“Kids?” the shopkeeper said. “The murderers are kids?”

  “Yep,” the deliveryperson replied. “See for yourself.”

  The children looked at one another, and Sunny gave a little whimper of fear. Across the store they could hear the rustling of paper and then the excited voice of the shopkeeper.

  “I know those kids!” he cried. “They’re in my store right now! I just gave them some muffins!”

  “You gave muffins to murderers?” Lou said. “That’s not right, Milt. Criminals should be punished, not fed pastries.”

  “I didn’t know they were murderers then,” the shopkeeper explained, “but I sure know now. It says so right here in The Daily Punctilio. Call the police, Lou! I’ll grab these murderers and make sure they don’t escape.”

  The Baudelaires wasted no more time, and began to run in the opposite direction from the men’s voices, down an aisle of safety pins and candy canes. “Let’s head toward those ceramic ashtrays,” Violet whispered. “I think we can exit that way.”

  “But what happens when we exit?” Klaus whispered back. “The deliveryperson said that the police were closing in.”

  “Mulick!” Sunny cried, which meant “Let’s discuss that at a later time!”

  “Egad!” The children could hear the shopkeeper’s surprised voice from several aisles over. “Lou, the kids aren’t here! Keep an eye out for them.”

  “What do they look like?” the delivery-person called back.

  “They look like three innocent children,” the shopkeeper said, “but they’re really vicious criminals. Be careful.”

  The children ran around a corner and ducked into the next aisle, pressing themselves against a rack of construction paper and canned peas as they listened to the hurrying footsteps of the deliveryperson. “Wherever you murderers are,” he called, “you’d better give up!”

  “We’re not murderers!” Violet cried in frustration.

  “Of course you’re murderers!” the shopkeeper answered. “It says so in the newspaper!”

  “Plus,” the deliveryperson said in a sneering voice, “if you’re not murderers, why are you hiding and running?”

  Violet started to answer, but Klaus covered her mouth before she could say anything more. “They’ll be able to tell where we are by our voices,” he whispered. “Just let them talk, and maybe we can escape.”
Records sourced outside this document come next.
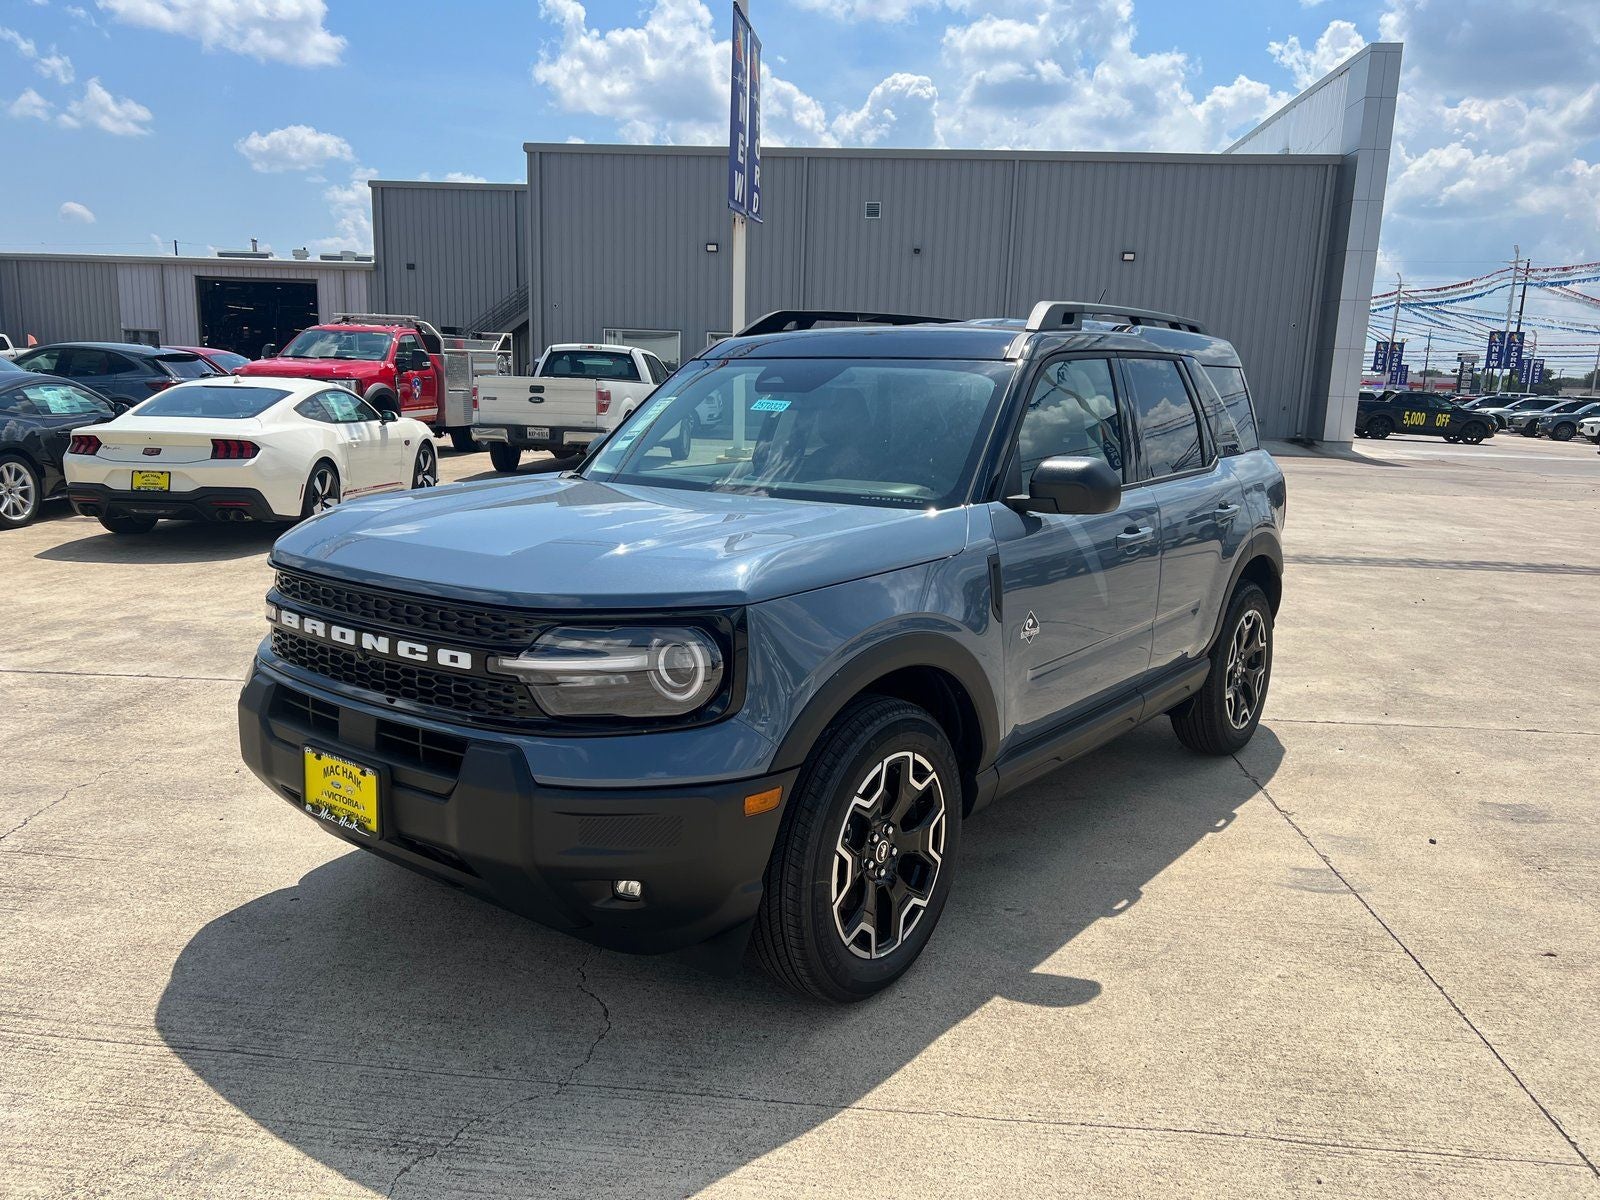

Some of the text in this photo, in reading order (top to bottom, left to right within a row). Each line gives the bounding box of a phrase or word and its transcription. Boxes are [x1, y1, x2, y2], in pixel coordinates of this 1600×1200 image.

[734, 92, 746, 203] NEW
[752, 109, 761, 214] FORD
[1375, 353, 1384, 370] NEW
[1391, 353, 1399, 371] FORD
[1489, 345, 1499, 367] NEW
[1509, 346, 1518, 368] FORD
[1403, 411, 1450, 427] 5,000 OFF
[281, 609, 472, 670] BRONCO
[323, 765, 340, 779] MAC
[342, 765, 362, 791] HAIK
[327, 790, 360, 810] VICTORIA
[318, 807, 338, 823] Mac
  “Lou, do you see them?” called the shopkeeper.

  “No, but they can’t hide forever,” the deliveryperson said. “I’m going to look over by the undershirts!”

  The Baudelaires looked ahead of them and saw a pile of white undershirts that happened to be on sale. Gasping, the children doubled back, and ran down an aisle covered in ticking clocks.

  “I’m going to try the clock aisle!” the shopkeeper cried. “They can’t hide forever!”

  The children hurried down the aisle, sprinted past a rack of towel racks and piggy banks, and scurried around a display of sensible plaid skirts. Finally, over the top shelf of an aisle containing nothing but different kinds of bedroom slippers, Violet spotted a glimpse of the exit, and silently pointed the way to her siblings.

  “I bet they’re in the sausage aisle!” the shopkeeper said.

  “I bet they’re near the bathtub display!” the deliveryperson called.

  “They can’t hide forever!” the shopkeeper cried.

  The Baudelaires took a deep breath, and then bolted toward the exit of the Last Chance General Store, but as soon as they got outside they realized the shopkeeper was right. The sun was rising, revealing the flat and desolate landscape the children had walked across all night. In a few hours the entire countryside would be covered in sunlight, and the land was so flat that the children would be seen from far, far away. They couldn’t hide forever, and as Violet, Klaus, and Sunny stood outside the Last Chance General Store, it seemed that they couldn’t hide for even one more instant.

  “Look!” Klaus said, and pointed in the direction of the rising sun. Parked a ways from the store was a square, gray van with the letters V.F.D. printed on its side.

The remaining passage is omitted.